**Stored data entries:**
>>>
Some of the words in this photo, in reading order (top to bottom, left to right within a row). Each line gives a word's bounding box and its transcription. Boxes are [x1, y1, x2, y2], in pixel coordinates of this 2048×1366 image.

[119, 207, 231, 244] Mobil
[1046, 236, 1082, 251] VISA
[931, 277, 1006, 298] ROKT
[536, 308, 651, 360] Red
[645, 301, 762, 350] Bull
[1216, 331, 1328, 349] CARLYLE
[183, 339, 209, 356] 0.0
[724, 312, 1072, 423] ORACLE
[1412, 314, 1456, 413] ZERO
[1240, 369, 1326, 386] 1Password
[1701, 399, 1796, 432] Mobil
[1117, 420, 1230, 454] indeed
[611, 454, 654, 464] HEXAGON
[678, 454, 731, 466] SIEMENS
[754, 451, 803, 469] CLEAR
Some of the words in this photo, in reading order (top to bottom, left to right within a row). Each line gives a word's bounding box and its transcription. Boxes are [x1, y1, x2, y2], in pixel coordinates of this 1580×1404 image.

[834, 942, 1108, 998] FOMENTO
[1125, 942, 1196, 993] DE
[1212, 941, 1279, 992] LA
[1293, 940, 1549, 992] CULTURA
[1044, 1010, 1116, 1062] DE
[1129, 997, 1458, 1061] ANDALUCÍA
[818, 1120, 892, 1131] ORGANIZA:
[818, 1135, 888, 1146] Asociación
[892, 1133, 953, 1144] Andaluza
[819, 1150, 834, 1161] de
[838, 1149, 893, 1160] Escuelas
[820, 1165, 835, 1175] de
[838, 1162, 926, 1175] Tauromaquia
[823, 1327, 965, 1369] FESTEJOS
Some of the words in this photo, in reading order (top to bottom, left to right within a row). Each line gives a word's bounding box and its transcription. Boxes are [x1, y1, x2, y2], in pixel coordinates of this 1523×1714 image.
<<<
**Goal of the exercise:**
All the entries should be written out again precisely.

**Response for this exercise:**
Some of the words in this photo, in reading order (top to bottom, left to right within a row). Each line gives a word's bounding box and its transcription. Boxes are [x1, y1, x2, y2], in pixel coordinates of this 2048×1366 image.

[119, 207, 231, 244] Mobil
[1046, 236, 1082, 251] VISA
[931, 277, 1006, 298] ROKT
[536, 308, 651, 360] Red
[645, 301, 762, 350] Bull
[1216, 331, 1328, 349] CARLYLE
[183, 339, 209, 356] 0.0
[724, 312, 1072, 423] ORACLE
[1412, 314, 1456, 413] ZERO
[1240, 369, 1326, 386] 1Password
[1701, 399, 1796, 432] Mobil
[1117, 420, 1230, 454] indeed
[611, 454, 654, 464] HEXAGON
[678, 454, 731, 466] SIEMENS
[754, 451, 803, 469] CLEAR
Some of the words in this photo, in reading order (top to bottom, left to right within a row). Each line gives a word's bounding box and its transcription. Boxes are [x1, y1, x2, y2], in pixel coordinates of this 1580×1404 image.

[834, 942, 1108, 998] FOMENTO
[1125, 942, 1196, 993] DE
[1212, 941, 1279, 992] LA
[1293, 940, 1549, 992] CULTURA
[1044, 1010, 1116, 1062] DE
[1129, 997, 1458, 1061] ANDALUCÍA
[818, 1120, 892, 1131] ORGANIZA:
[818, 1135, 888, 1146] Asociación
[892, 1133, 953, 1144] Andaluza
[819, 1150, 834, 1161] de
[838, 1149, 893, 1160] Escuelas
[820, 1165, 835, 1175] de
[838, 1162, 926, 1175] Tauromaquia
[823, 1327, 965, 1369] FESTEJOS
Some of the words in this photo, in reading order (top to bottom, left to right within a row). Each line gives a word's bounding box and its transcription. Boxes are [x1, y1, x2, y2], in pixel coordinates of this 1523×1714 image.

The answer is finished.